***** Exercise materials *****

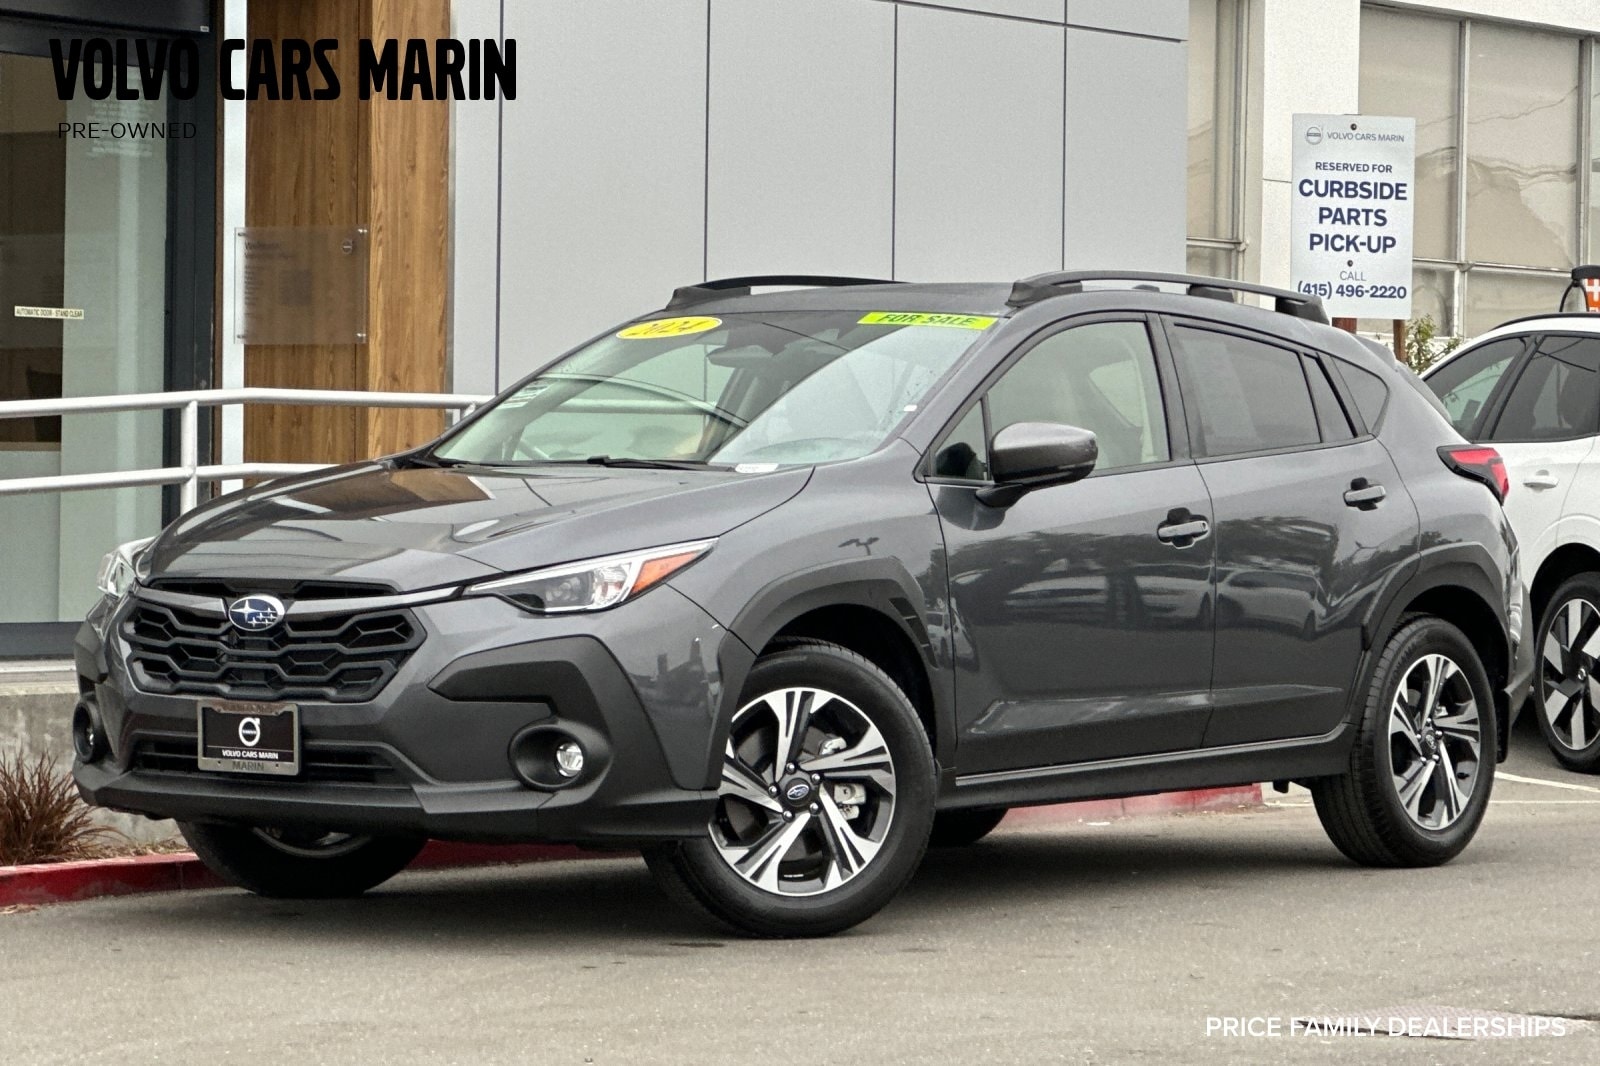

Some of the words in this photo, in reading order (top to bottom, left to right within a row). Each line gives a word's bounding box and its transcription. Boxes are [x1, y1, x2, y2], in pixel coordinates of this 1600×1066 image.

[1326, 131, 1354, 141] VOLVO
[1355, 132, 1377, 142] CARS
[1378, 133, 1405, 143] MARIN
[1315, 161, 1370, 173] RESERVED
[1371, 163, 1393, 174] FOR
[1299, 178, 1408, 200] CURBSIDE
[1318, 206, 1388, 227] PARTS
[1309, 233, 1396, 254] PICK-UP
[1339, 270, 1367, 282] CALL
[1297, 280, 1333, 300] (415)
[1335, 284, 1407, 300] 496-2220
[878, 314, 921, 324] FOR
[922, 315, 976, 326] SALE
[222, 749, 241, 758] VOLVO
[241, 750, 258, 759] CARS
[258, 751, 279, 760] MARIN
[232, 760, 265, 771] MARIN
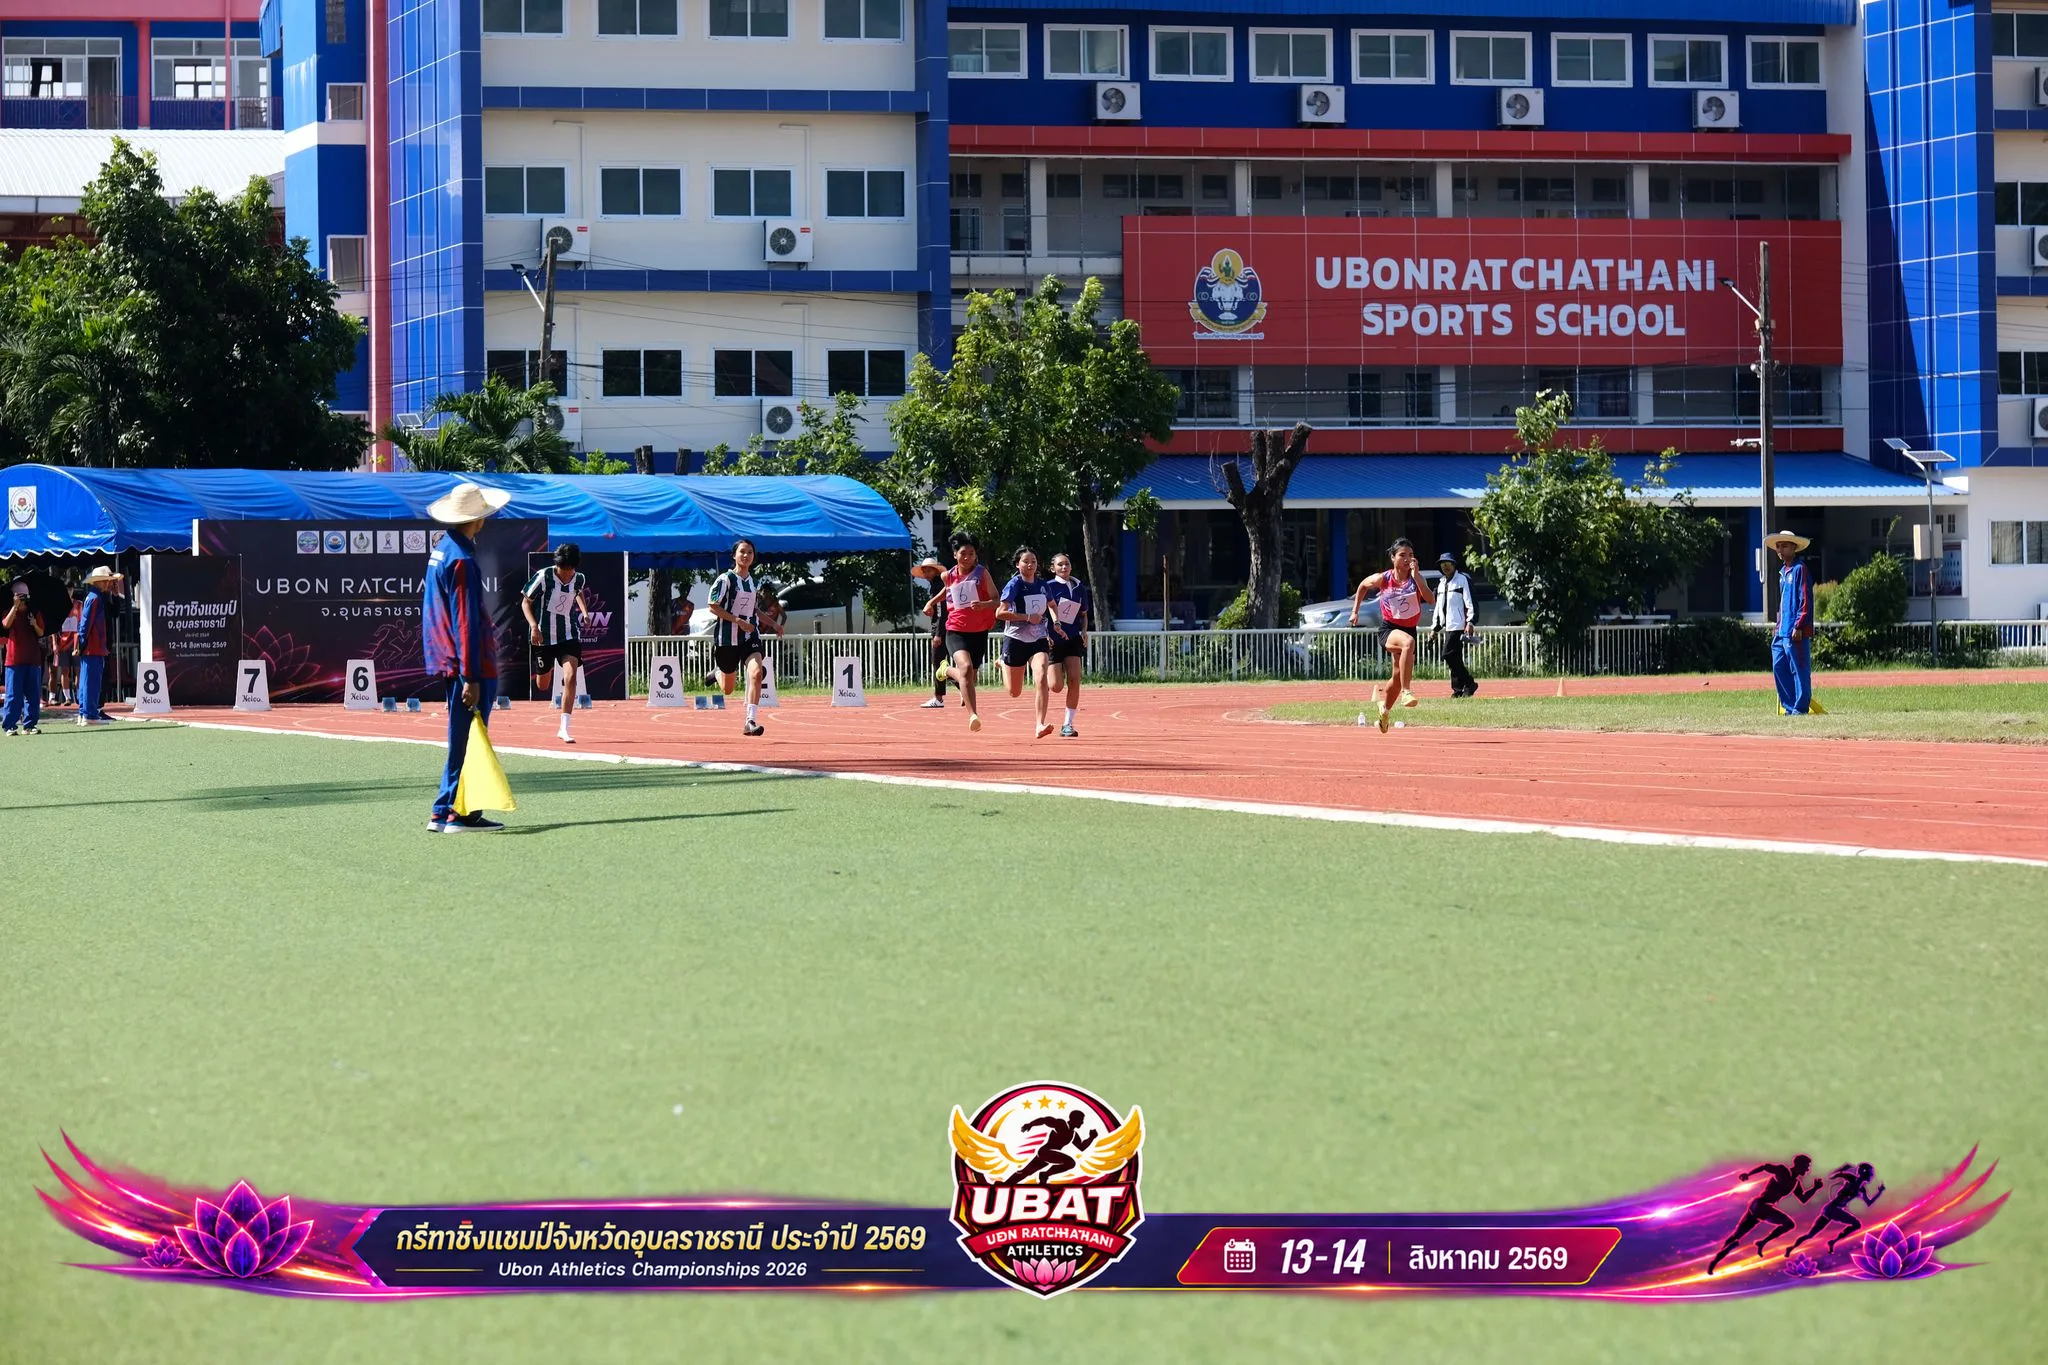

*****

### What you need to do
Write the records above out again exactly, but not the pictures.

### Answer section
Some of the words in this photo, in reading order (top to bottom, left to right within a row). Each line gives a word's bounding box and its transcription. Boxes are [x1, y1, x2, y2], in pixel coordinates of this 1600×1066 image.

[1326, 131, 1354, 141] VOLVO
[1355, 132, 1377, 142] CARS
[1378, 133, 1405, 143] MARIN
[1315, 161, 1370, 173] RESERVED
[1371, 163, 1393, 174] FOR
[1299, 178, 1408, 200] CURBSIDE
[1318, 206, 1388, 227] PARTS
[1309, 233, 1396, 254] PICK-UP
[1339, 270, 1367, 282] CALL
[1297, 280, 1333, 300] (415)
[1335, 284, 1407, 300] 496-2220
[878, 314, 921, 324] FOR
[922, 315, 976, 326] SALE
[222, 749, 241, 758] VOLVO
[241, 750, 258, 759] CARS
[258, 751, 279, 760] MARIN
[232, 760, 265, 771] MARIN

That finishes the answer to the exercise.